Final Fantasy XIV pauses its sales for being too popular for its servers

The MMORPG Final Fantasy XIV launched its expansion Endwalkers a few weeks ago, after a streak of growing popularity and reception from the public. It went on to outnumber World of Warcarft, showing that there is still a desire among players to play MMORPGs, but now Fianl Fantasy XIV has become too popular for its own sake.
Square Enix has been addressing its server congestion issue since the launch of the Endwalker expansion. Today he has come up with an emergency solution which is to temporarily suspend sales of the game and its advertising.
Let no one else play Final Fantasy XIV until there are more servers
Players have been flocking to Final Fantasy XIV since the release of its latest expansion, Endwalker, but it seems Square Enix has not prepared enough servers to handle the massive influx of users wanting to try out the expansion. In a post on the game’s official blog, Final Fantasy XIV producer and director Naoki Yoshida apologized for the “ongoing congestion that has occurred since Early Access and the official launch of Endwalker", and promised compensation to the players.

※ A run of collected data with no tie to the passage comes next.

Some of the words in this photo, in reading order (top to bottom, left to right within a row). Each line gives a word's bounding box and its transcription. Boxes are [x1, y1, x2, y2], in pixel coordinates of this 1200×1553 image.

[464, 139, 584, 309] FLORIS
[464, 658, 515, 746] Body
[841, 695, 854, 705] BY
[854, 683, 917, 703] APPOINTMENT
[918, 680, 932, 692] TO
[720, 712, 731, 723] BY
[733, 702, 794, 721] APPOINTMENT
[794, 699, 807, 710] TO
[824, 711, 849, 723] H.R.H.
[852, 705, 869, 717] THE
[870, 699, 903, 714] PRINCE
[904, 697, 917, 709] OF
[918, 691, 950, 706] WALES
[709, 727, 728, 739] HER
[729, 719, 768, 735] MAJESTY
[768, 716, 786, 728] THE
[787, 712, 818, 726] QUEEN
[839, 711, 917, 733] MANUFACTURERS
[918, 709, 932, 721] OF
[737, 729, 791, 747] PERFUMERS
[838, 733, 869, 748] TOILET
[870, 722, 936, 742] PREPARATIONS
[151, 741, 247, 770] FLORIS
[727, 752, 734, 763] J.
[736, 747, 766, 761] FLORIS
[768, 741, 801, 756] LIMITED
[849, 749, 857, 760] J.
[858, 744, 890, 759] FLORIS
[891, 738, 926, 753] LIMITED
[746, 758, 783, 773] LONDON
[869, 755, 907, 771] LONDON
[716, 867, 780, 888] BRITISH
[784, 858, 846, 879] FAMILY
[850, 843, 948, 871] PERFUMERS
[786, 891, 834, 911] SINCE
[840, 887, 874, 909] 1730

The money that players have spent has not translated into time invested due to server congestion. To make up for lost time, Square will give away two weeks of play to players who own the full version of the game and have an active subscription starting December 21.

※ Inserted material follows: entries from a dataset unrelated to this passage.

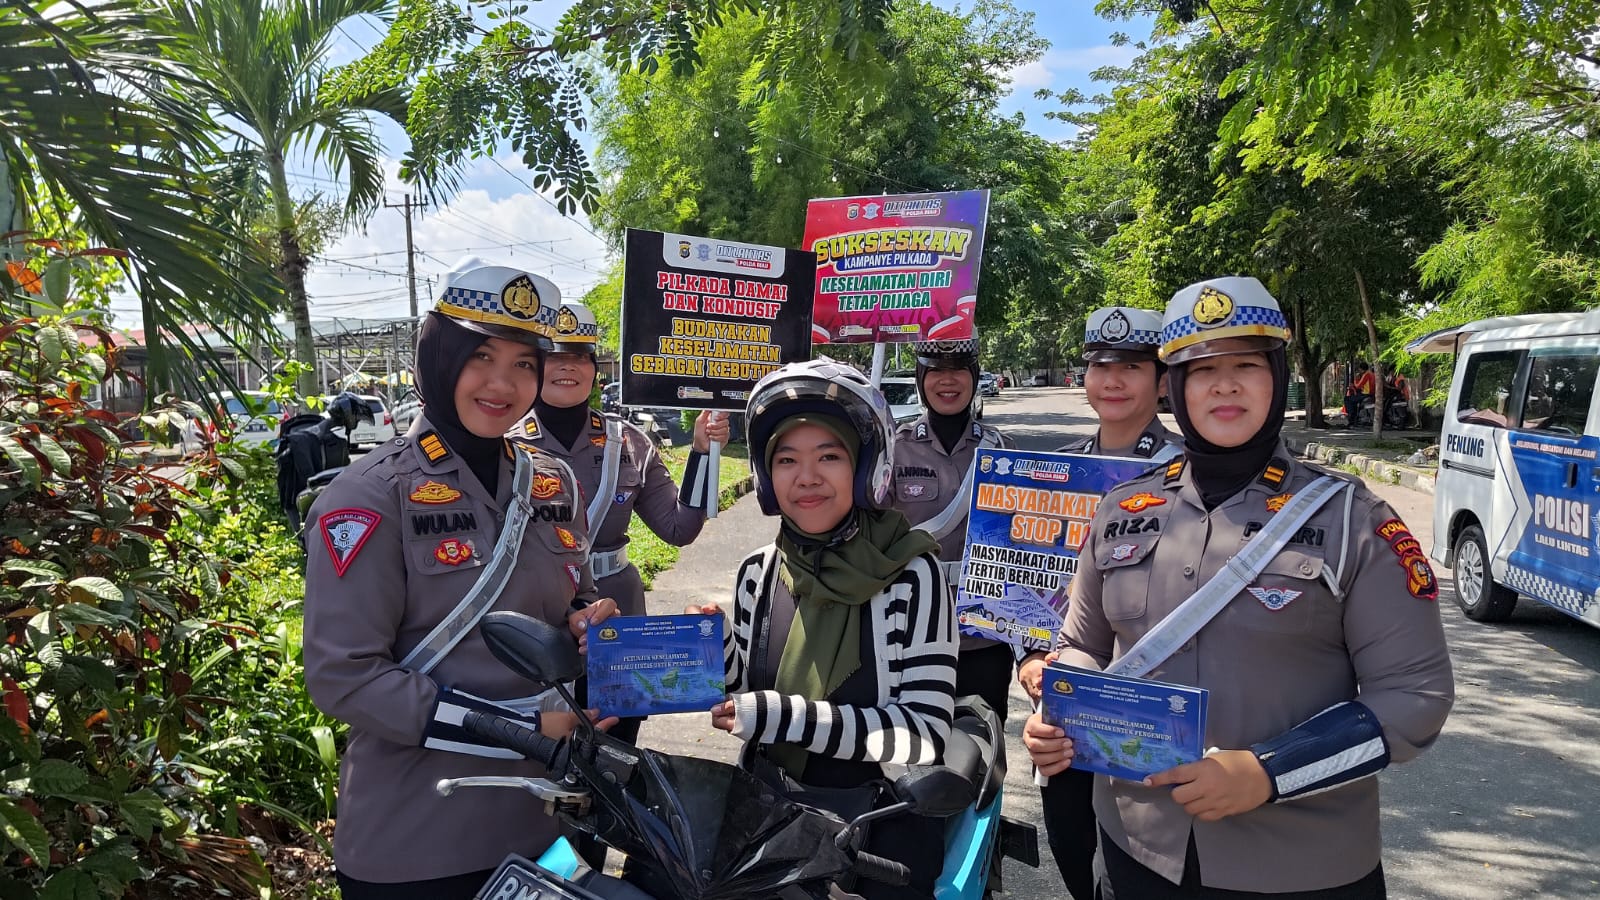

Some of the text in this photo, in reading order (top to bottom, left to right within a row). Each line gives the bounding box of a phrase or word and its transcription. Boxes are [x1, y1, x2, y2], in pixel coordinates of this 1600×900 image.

[883, 199, 941, 211] DITLANTAS
[716, 245, 772, 261] DITLANTAS
[815, 229, 969, 264] SUKSESKAN
[844, 252, 931, 269] KAMPANYE PILKADA
[657, 271, 788, 301] PILKADA DAMAI
[820, 270, 952, 294] KESELAMATAN DIRI
[663, 292, 780, 319] DAN KONDUSIF
[838, 291, 931, 312] TETAP DIJAGA
[672, 317, 771, 344] BUDAYAKAN
[659, 337, 781, 363] KESELAMATAN
[631, 354, 704, 378] SEBAGAI
[1446, 433, 1484, 458] PENLING
[897, 466, 937, 478] ANNISA
[1013, 459, 1070, 474] DITLANTAS
[530, 504, 572, 522] POLRI
[977, 483, 1100, 518] MASYARAKAT
[411, 512, 477, 535] WULAN
[1104, 517, 1160, 539] RIZA
[1534, 493, 1590, 539] POLISI
[1011, 514, 1062, 544] STOP
[1243, 521, 1325, 546] PRI
[1534, 532, 1590, 557] LALU LINTAS
[971, 543, 1079, 575] MASYARAKAT BIJA
[968, 560, 1060, 591] TERTIB BERLALU
[964, 578, 1004, 599] LINTAS

In terms of properly managing the game's server congestion, Square Enix is suspending all sales of Final Fantasy XIV. They allege that the waiting times are due to the concentration of hours of play that far exceed the capacity of their servers, especially during peak hours. The suspension applies to the sale of Final Fantasy XIV Starter Edition and Complete Edition and will take effect in the coming days, hoping that by not admitting new players they can adapt the capacity of the servers. To ensure that paid players can access a server, Square is prioritizing active subscription holders over free users.